The way you run your ethical business is up to you. But by looking at your personal morals, you can bring those values into your business.
Why does ethics matter in business?
You might be wondering why business ethics matters. As we’ve mentioned, poor business ethics can affect how customers view your business and can, therefore, affect profits and the overall viability of your business.
However, it also matters because strong business ethics creates a deeper level of trust between businesses and consumers.
For example, job seekers must trust that they’re receiving the same scrutiny that a manager’s friend or relative would receive. This is where the ethical policy against nepotism can breed trust in the wider community.
All the business ethics programs and policies listed above help to earn trust which can boost your business both from the inside among your staff and on the outside from your customers.
How are business ethics relevant to leadership?
As a leader, you set the tone for your business. So, if you expect your staff to act ethically, leaders have to role model ethical behaviour themselves. This also means in your personal life.
As much as we sometimes try to keep our business lives and personal lives separate, there’s no doubt that your staff and customers not only watch you in the office but in what you decide to do in your spare time as well.
So, for example, it won’t look very good if you run a vegan foods company but you’re not vegan off the clock. This breeds a lack of trust and is just downright confusing.
In most cases, you’re running a business because you’re passionate about sharing a certain message through a product or service. So, the leaders of that business should be practising what they preach, so to speak.
This is how business ethics relate to leadership. To run an ethical business, you have to not only talk the talk but walk the walk.
What is business ethics management?
Especially for larger companies with large staffs, you might need to think about bringing on a business ethics manager. In some cases, there should be a team of people in charge of managing business ethics to ensure the policies and programs are functioning properly.

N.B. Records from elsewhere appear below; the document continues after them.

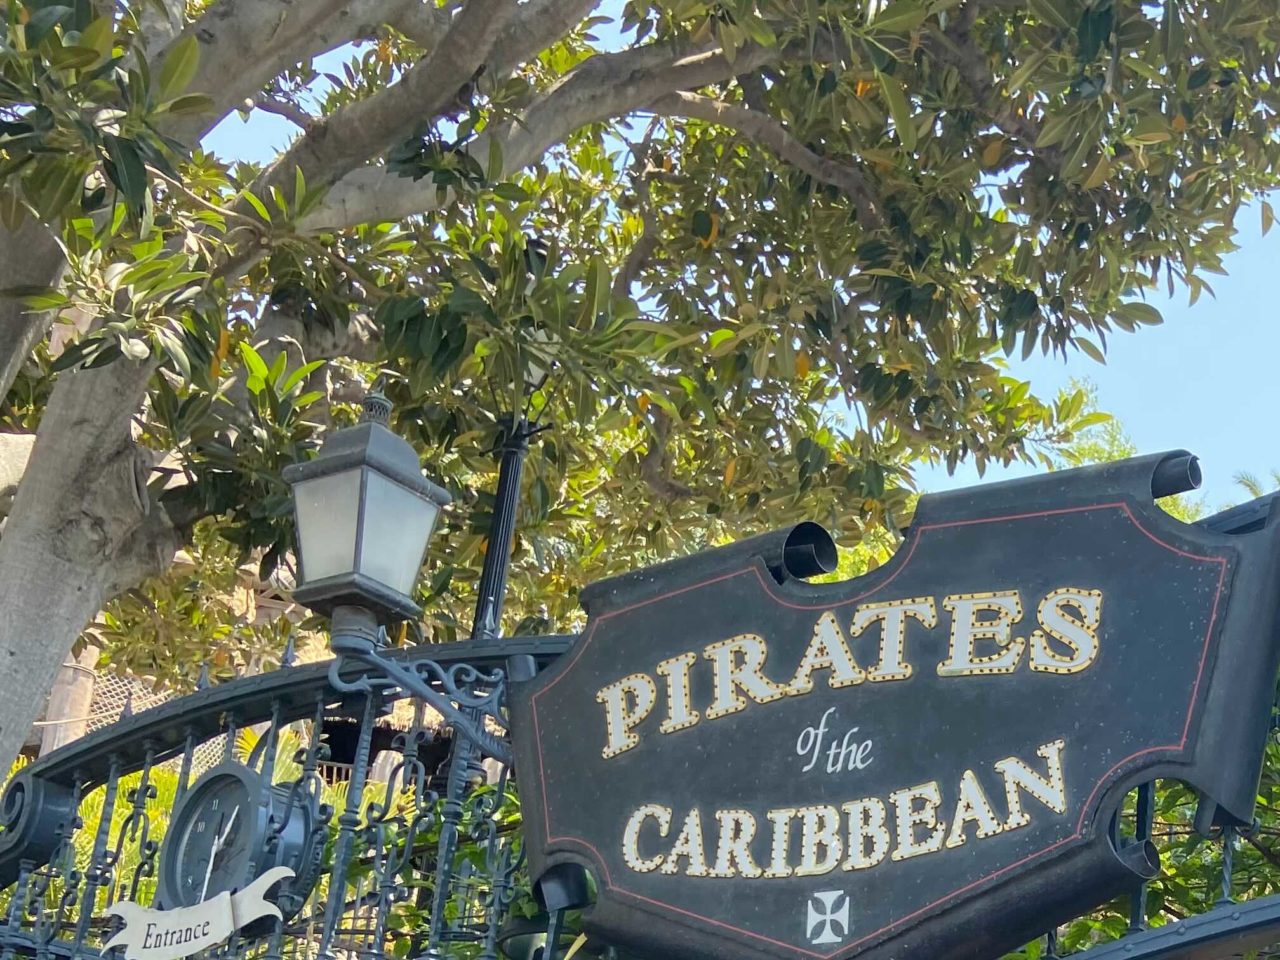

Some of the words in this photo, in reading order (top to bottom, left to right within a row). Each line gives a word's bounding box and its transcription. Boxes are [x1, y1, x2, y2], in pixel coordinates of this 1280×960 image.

[596, 587, 1103, 759] PIRATES
[796, 707, 835, 773] of
[825, 727, 874, 775] the
[621, 739, 1067, 879] CARIBBEAN
[142, 920, 210, 949] Entrance

Why is ethics important in business management? Well, ethics in business should be just as important to manage as other areas. For example, you probably focus on financial management because the bottom line is important. The same should go for business ethics.
Overall, business ethics might be the last thing on your mind but is an essential piece of the business ownership puzzle. Consumers are switched on to how businesses are making decisions and if those consumers feel that what you’re doing is unethical, they’ll go elsewhere.
Again, it’ll be impossible to please everyone. After all, our values might differ here and there to our customers. But, but focusing on your personal values and living those out through your business endeavours, you’re likely to be on the right track toward a more ethical business.